## Your objective
Take every line from the entries below that includes the word "Saure" and copy it.

## Excerpted records
+-------+

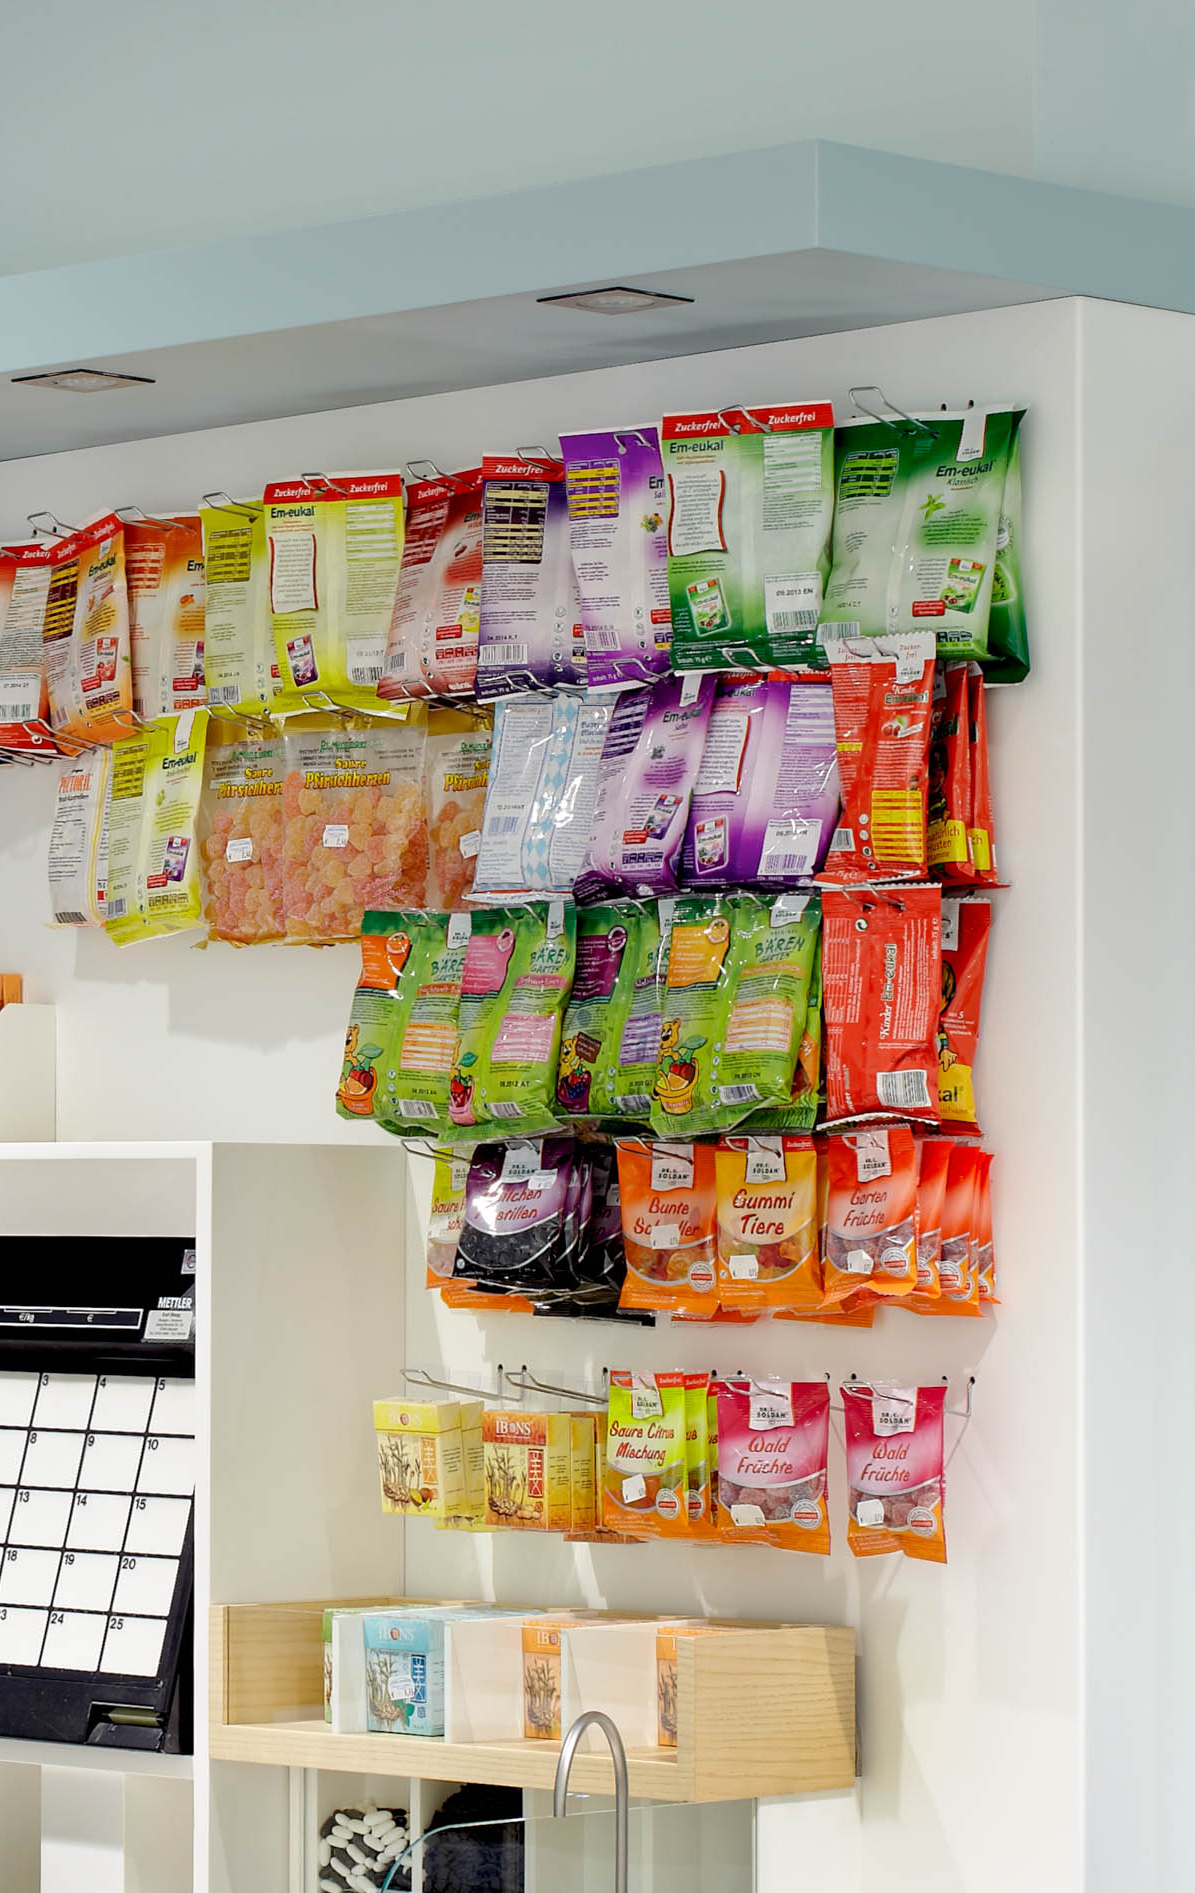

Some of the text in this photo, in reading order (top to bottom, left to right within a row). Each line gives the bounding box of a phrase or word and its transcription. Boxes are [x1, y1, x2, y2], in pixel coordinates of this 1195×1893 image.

[675, 420, 721, 432] Zuckerfrei
[769, 412, 816, 425] Zuckerfrei
[669, 440, 724, 454] Em-eukal
[496, 465, 544, 475] Zuckerfrei
[936, 459, 994, 478] Em-eukal
[350, 482, 388, 493] Zuckerfrei
[947, 477, 980, 487] Klassisch
[274, 487, 311, 497] Zuckerfrei
[270, 505, 315, 518] Em-eukal
[22, 550, 52, 561] Zuckerf
[163, 753, 197, 770] Em-eukal
[334, 758, 367, 769] Saure
[245, 767, 274, 779] Saure
[305, 771, 390, 789] Pfirsichherzen
[217, 778, 283, 800] Pfirsichherz
[755, 936, 806, 957] BÄREN
[530, 949, 570, 966] BÄREN
[431, 958, 465, 976] BÄRE
[880, 943, 897, 1040] Kinder Em-eukal
[649, 1197, 690, 1215] Bunte
[733, 1188, 796, 1209] Gummi
[850, 1188, 887, 1206] Garten
[634, 1217, 703, 1236] Scller
[741, 1213, 785, 1235] Tiere
[843, 1209, 885, 1228] Früchte
[158, 1297, 193, 1309] METTLER
[42, 1374, 49, 1386] 3
[100, 1377, 107, 1388] 4
[158, 1379, 166, 1391] 5
[495, 1420, 532, 1436] IBONS
[609, 1420, 675, 1440] Saure Citrus
[879, 1417, 910, 1425] SOLDAN
[30, 1433, 37, 1444] 8
[87, 1435, 94, 1447] 9
[147, 1438, 159, 1451] 10
[748, 1435, 792, 1454] Wald
[872, 1439, 910, 1461] Wald
[616, 1441, 666, 1467] Mischung
[736, 1456, 794, 1475] Früchte
[861, 1463, 911, 1482] Früchte
[19, 1491, 30, 1503] 13
[76, 1494, 87, 1506] 14
[135, 1498, 147, 1510] 15
[7, 1550, 18, 1562] 18
[64, 1553, 75, 1566] 19
[122, 1558, 136, 1570] 20
[50, 1613, 64, 1625] 24
[109, 1618, 124, 1630] 25
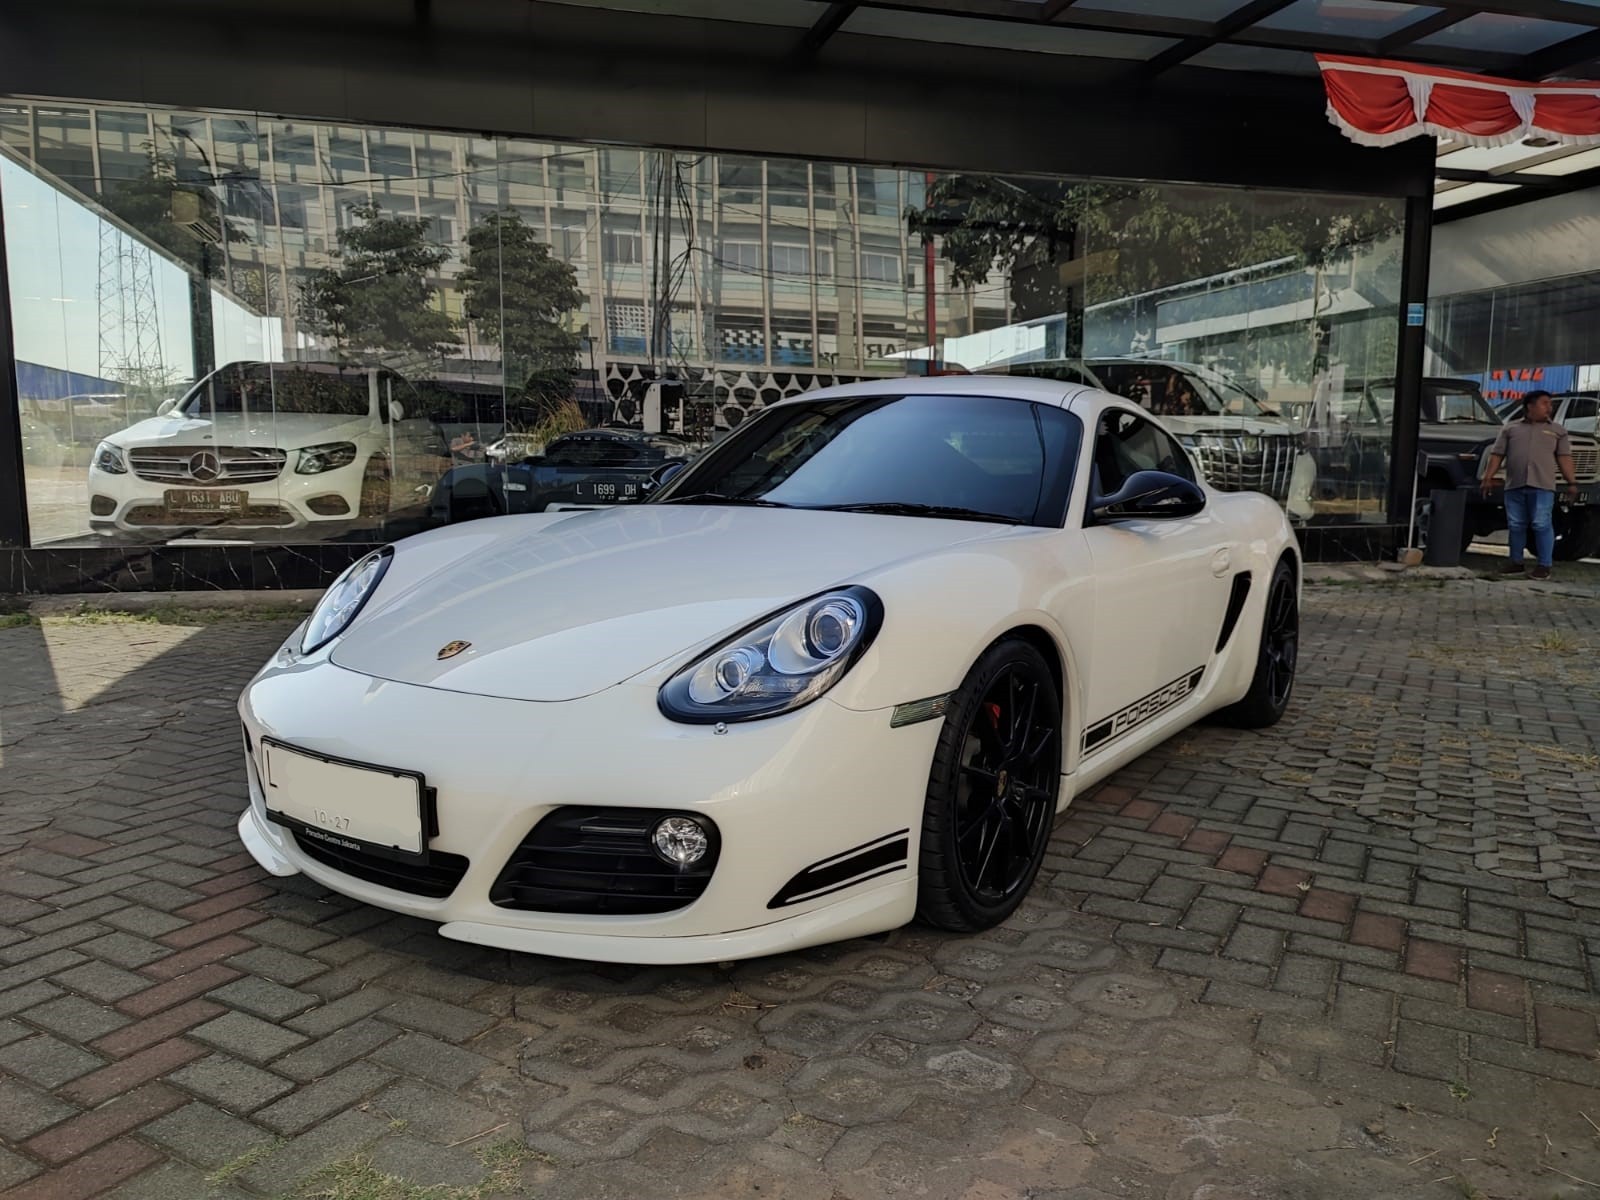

+-------+

## Expected answer
[334, 758, 367, 769] Saure
[245, 767, 274, 779] Saure
[609, 1420, 675, 1440] Saure Citrus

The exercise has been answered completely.